F.D. Je ne comprends pas la phrase « le réel n’existe pas », rien ne répond en moi à cette assertion. Pour moi, il n’y a que le réel, ses doubles compris. À l’heure d’essayer de continuer à alimenter notre feu de brindilles, je relis un passage d’un livre qui m’avait fortement intéressée il y a longtemps déjà (1992), Forêts, Essai sur l’imaginaire occidental de Robert Harrison. En faisant l’étude du poème « Correspondances », Harrison se penche sur la question de la représentation et, surtout, de l’artifice comme porte vers un ailleurs inaccessible, une unité perdue, l’artifice luttant en « forêt de symboles » contre la violence et l’horreur de « la réalité » artifice cher à Baudelaire. J’ai plutôt le sentiment, moi, que la distance symbolique permet de s’approcher du réel et de nos rapports avec lui (l’ « entre », l’intervalle, le mascaret, les masques, et autres avatars, « ce souffle entre le monde et nous ») plutôt qu’elle nous ouvre un ailleurs quel qu’il soit. La question serait plutôt alors de savoir quel type de rapports nous entretenons avec ces doubles que la vie symbolique génère et en quoi ils changent notre rapport au réel et même quel type de rapports ils entretiennent avec le réel : comment ils forment perception et interprétation du réel, c’est-à-dire ce à quoi nos corps – cerveau compris – réagissent. Que faire des représentations dont nous ne pouvons sortir, mais que je ressens plutôt comme une ouverture que comme un champ clos, une appréhension, grâce à la distance qu’elles instaurent plutôt que l’inverse, même si elle nous sépare ? Il y a un poème de Fabio Pusterla que j’aime bien citer dans ce débat, car il me semble dire à la fois l’enfermement et l’ouverture que nous donne le langage, sans que je m’associe à l’évocation d’une harmonie perdue, dont je ne suis pas sûre qu’elle préexiste, et Pusterla non plus, finalement, puisqu’il évoque un grand souffle dans « un désordre de forces » :

DISTANCE
Du nid joyeux du monde
la voix au-dessus des branches
chantait et chantait
dans le grand souffle de feuilles
dans un désordre de forces.
Puis la distance est venue
et elle s’appelait vertige,
abandon des arbres et de l’espace
et elle s’appelait exil de l’eau qui court
adieu des animaux solitude des corps flux.
La distance est venue et elle s’appelait beauté
beauté douloureuse qui n’appartient pas,
la précision la grâce des gestes
le tourment de la parole qui s’approche
de l’harmonie insaisissable, perdue.
La distance est venue et elle s’appelait pupille,
écho de lumières, fleuve, regard clair,
elle s’appelait jour et nuit, puis passé et avenir,
elle s’appelait étoile polaire, vent.

Pierre après pierre, anthologie, éd. Métispresse, 2017, traduit par Mathilde Vischer

C’est là que « jouer pour de vrai » ou « jouer pour de faux » me paraissent introduire une distinction entre deux manières de les envisager (expressions employées par Victor Erice pour parler de son film L’esprit de la ruche, pour qualifier les deux manières de réagir à la fiction, à l’invention symbolique des deux enfants qu’il met en scène). C’est : qu’est-ce qu’on fait de cette distance, en quoi elle nous affecte et comment, comment lui donner sa place effective ?

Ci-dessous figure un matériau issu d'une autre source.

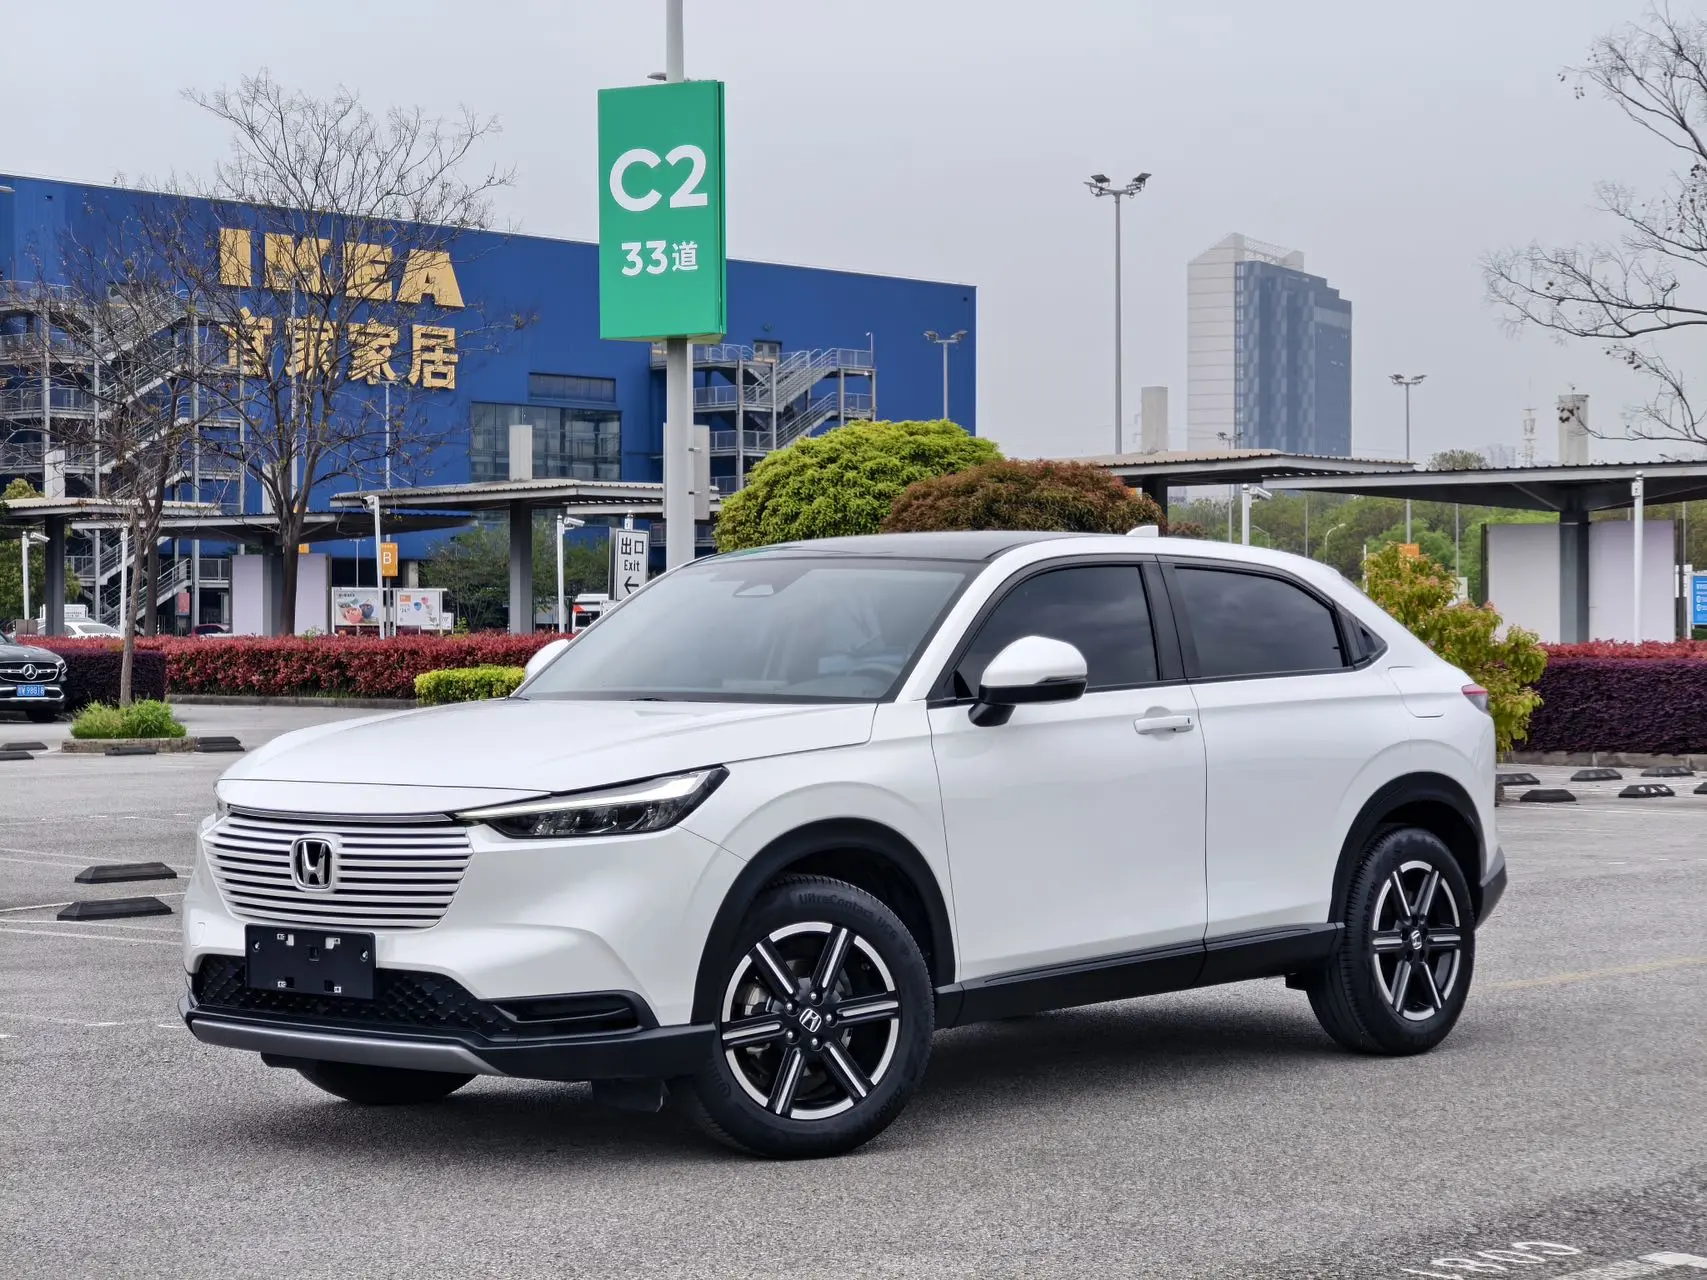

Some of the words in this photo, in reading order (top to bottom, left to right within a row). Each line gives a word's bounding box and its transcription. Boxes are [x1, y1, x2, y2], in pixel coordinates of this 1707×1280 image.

[609, 144, 708, 212] C2
[219, 227, 465, 308] IKEA
[621, 240, 698, 276] 33道
[383, 551, 392, 565] B
[620, 537, 644, 556] 出口
[624, 559, 640, 572] Exit

F.S.R. Je comprends (du moins je crois comprendre, car si le réel existe, l’altérité aussi !) ce que tu veux dire. D’expérience (ce faisceaux d’impressions, cette intuition aussi dont, par facilité, on se fait parfois une raison), je dirais assez qu’en effet je suis au monde, que je m’inscris dans sa réalité : présente, plutôt consciente de l’être, et à tout le moins, respirant, bougeant, aimant, agissant – vivante. Les choses se gâtent quand précisément il s’agit d’exprimer, d’écrire/de décrire cette réalité ; à ce moment, dès que je prends mon stylo et que je dois mettre des mots, je suis séparée, ou plutôt je me sens séparée. La réalité reflue, s’éloigne, se complexifie ; les mots, la pesée des mots creusent l’écart, la réalité est toujours là, mais moi, je n’y suis plus tout à fait. Et nous y revoici : dire le réel n’existe pas, c’est simplement dire que notre malédiction d’être soi-disant supérieurs repose sur un incontournable traitement des informations, et que, ce faisant, nous élaborons des représentations. La seule réalité qui nous apparaisse alors clairement, c’est la réalité de notre relation au réel, relation dont le langage est partie prenante, parce qu’il la formalise. Et au fond, ce n’est pas si grave – je dirais même que pour un créateur, quel qu’il soit, c’est une chance, parce qu’il peut créer de cela, jouer avec les écarts, les dilater plus encore, inventer, imaginer, et, comme tu l’explicites si bien, s’engager dans un ordre parallèle, celui, par exemple, du symbolique. Dans notre rapport au réel, dans ce « jeu pour de vrai » que tu évoques, tout est affaire d’accommodation. On voit ce que l’on peut (pas toujours ce que l’on veut), on en fait ce que l’on peut (et pas toujours non plus ce qu’on veut), et dans cette distance, on joue, s’approche ou s’éloigne encore, grossit ou rétrécit, exagère ou minore, déplace, déjoue, rejoue sans cesse.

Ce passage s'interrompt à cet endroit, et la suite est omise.